◆ What the task asks
Only one stretch of the listing below is wanted: the line with "this 1366×1536 image." and all lines after it. Reproduce that stretch exactly.

:: Records for the exercise

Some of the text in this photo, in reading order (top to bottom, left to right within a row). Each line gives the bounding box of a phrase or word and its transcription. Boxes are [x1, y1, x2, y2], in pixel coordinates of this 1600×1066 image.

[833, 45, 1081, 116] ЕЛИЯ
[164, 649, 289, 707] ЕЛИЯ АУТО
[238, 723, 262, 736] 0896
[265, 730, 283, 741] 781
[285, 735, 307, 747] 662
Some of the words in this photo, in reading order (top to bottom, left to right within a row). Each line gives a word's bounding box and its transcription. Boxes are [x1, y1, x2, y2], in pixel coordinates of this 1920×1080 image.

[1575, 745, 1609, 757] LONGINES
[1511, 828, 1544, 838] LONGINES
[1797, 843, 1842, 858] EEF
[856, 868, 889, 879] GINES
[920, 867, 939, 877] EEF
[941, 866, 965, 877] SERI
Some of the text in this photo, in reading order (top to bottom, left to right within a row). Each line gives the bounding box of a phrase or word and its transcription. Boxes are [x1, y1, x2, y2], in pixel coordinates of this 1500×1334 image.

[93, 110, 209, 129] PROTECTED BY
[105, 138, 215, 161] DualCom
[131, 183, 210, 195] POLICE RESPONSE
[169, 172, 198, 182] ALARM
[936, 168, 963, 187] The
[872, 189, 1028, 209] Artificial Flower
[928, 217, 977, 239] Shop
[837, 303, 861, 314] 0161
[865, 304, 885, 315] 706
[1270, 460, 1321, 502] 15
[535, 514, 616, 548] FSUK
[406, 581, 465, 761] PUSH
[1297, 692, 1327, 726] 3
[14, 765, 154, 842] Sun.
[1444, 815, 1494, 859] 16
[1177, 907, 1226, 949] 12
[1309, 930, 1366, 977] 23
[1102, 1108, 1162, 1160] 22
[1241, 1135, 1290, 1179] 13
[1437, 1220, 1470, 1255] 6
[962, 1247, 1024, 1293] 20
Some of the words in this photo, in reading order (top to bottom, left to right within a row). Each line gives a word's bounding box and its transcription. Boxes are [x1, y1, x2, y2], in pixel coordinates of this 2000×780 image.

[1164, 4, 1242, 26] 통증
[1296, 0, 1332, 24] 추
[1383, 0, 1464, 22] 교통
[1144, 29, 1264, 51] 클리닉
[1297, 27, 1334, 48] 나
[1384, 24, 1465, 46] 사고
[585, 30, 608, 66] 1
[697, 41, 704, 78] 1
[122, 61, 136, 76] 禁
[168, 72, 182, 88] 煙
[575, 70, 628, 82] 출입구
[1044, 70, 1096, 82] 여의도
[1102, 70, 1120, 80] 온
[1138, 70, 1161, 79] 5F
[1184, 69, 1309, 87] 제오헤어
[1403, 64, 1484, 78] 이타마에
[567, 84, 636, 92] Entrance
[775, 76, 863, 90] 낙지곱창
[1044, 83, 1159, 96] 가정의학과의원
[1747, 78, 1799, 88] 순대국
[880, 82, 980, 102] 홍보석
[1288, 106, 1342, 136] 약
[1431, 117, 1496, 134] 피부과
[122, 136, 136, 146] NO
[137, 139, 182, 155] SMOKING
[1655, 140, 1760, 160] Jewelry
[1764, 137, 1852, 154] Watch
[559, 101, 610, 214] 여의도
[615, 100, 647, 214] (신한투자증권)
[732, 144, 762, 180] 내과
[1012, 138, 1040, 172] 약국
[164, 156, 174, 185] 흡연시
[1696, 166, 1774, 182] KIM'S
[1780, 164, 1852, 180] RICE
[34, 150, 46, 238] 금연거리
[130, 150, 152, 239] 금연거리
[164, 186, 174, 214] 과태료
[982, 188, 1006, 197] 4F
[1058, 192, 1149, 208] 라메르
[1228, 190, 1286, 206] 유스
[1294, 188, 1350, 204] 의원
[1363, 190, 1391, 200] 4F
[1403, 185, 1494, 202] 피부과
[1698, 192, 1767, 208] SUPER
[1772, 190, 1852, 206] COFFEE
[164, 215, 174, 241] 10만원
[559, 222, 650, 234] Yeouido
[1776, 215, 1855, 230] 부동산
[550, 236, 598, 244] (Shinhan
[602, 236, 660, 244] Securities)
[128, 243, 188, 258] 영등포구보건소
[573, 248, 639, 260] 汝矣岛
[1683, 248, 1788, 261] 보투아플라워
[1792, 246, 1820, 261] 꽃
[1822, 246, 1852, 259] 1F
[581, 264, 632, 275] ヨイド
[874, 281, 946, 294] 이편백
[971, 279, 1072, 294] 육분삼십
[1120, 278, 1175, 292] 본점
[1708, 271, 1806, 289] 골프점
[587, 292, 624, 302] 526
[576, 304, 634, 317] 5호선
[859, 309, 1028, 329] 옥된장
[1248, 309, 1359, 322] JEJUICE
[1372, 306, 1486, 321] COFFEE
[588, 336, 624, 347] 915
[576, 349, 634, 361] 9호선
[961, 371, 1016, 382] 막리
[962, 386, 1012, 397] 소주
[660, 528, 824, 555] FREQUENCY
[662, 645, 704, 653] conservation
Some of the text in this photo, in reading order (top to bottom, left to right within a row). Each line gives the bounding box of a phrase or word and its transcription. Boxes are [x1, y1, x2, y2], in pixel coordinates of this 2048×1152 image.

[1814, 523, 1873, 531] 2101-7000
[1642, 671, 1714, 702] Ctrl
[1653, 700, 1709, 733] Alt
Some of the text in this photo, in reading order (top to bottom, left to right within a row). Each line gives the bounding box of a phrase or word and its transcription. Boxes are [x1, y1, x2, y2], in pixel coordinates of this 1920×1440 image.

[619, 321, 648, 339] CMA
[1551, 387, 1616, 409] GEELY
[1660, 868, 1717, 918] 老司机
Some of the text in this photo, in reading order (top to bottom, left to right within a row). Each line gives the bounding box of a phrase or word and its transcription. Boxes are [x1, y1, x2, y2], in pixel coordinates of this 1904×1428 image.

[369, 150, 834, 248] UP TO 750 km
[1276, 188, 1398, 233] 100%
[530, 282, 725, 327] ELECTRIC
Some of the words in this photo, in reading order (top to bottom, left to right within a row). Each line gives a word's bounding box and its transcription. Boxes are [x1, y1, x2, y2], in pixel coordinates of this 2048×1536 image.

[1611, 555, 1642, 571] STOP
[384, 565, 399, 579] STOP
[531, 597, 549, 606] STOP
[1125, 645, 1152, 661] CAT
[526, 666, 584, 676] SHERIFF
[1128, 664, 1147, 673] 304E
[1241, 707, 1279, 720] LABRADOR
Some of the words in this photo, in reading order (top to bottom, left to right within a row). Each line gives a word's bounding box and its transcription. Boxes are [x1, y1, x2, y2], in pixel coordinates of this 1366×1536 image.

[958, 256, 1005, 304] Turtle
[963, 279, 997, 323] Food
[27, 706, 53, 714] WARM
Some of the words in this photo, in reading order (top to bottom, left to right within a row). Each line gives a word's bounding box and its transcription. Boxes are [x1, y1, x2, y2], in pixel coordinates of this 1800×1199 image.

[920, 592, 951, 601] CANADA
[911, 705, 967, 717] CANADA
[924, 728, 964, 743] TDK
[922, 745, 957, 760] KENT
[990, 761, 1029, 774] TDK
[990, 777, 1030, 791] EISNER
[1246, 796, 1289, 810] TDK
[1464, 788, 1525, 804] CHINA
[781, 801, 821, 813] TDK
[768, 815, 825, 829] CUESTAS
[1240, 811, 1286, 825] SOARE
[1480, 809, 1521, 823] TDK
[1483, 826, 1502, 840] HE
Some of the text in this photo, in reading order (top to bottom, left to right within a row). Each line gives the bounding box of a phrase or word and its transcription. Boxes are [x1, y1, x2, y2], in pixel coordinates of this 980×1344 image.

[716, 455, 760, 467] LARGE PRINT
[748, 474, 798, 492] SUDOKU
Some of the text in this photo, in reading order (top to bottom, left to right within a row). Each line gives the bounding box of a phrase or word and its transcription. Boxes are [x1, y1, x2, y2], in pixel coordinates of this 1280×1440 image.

::::

◆ Completed exercise
Some of the words in this photo, in reading order (top to bottom, left to right within a row). Each line gives a word's bounding box and its transcription. Boxes are [x1, y1, x2, y2], in pixel coordinates of this 1366×1536 image.

[958, 256, 1005, 304] Turtle
[963, 279, 997, 323] Food
[27, 706, 53, 714] WARM
Some of the words in this photo, in reading order (top to bottom, left to right within a row). Each line gives a word's bounding box and its transcription. Boxes are [x1, y1, x2, y2], in pixel coordinates of this 1800×1199 image.

[920, 592, 951, 601] CANADA
[911, 705, 967, 717] CANADA
[924, 728, 964, 743] TDK
[922, 745, 957, 760] KENT
[990, 761, 1029, 774] TDK
[990, 777, 1030, 791] EISNER
[1246, 796, 1289, 810] TDK
[1464, 788, 1525, 804] CHINA
[781, 801, 821, 813] TDK
[768, 815, 825, 829] CUESTAS
[1240, 811, 1286, 825] SOARE
[1480, 809, 1521, 823] TDK
[1483, 826, 1502, 840] HE
Some of the text in this photo, in reading order (top to bottom, left to right within a row). Each line gives the bounding box of a phrase or word and its transcription. Boxes are [x1, y1, x2, y2], in pixel coordinates of this 980×1344 image.

[716, 455, 760, 467] LARGE PRINT
[748, 474, 798, 492] SUDOKU
Some of the text in this photo, in reading order (top to bottom, left to right within a row). Each line gives the bounding box of a phrase or word and its transcription. Boxes are [x1, y1, x2, y2], in pixel coordinates of this 1280×1440 image.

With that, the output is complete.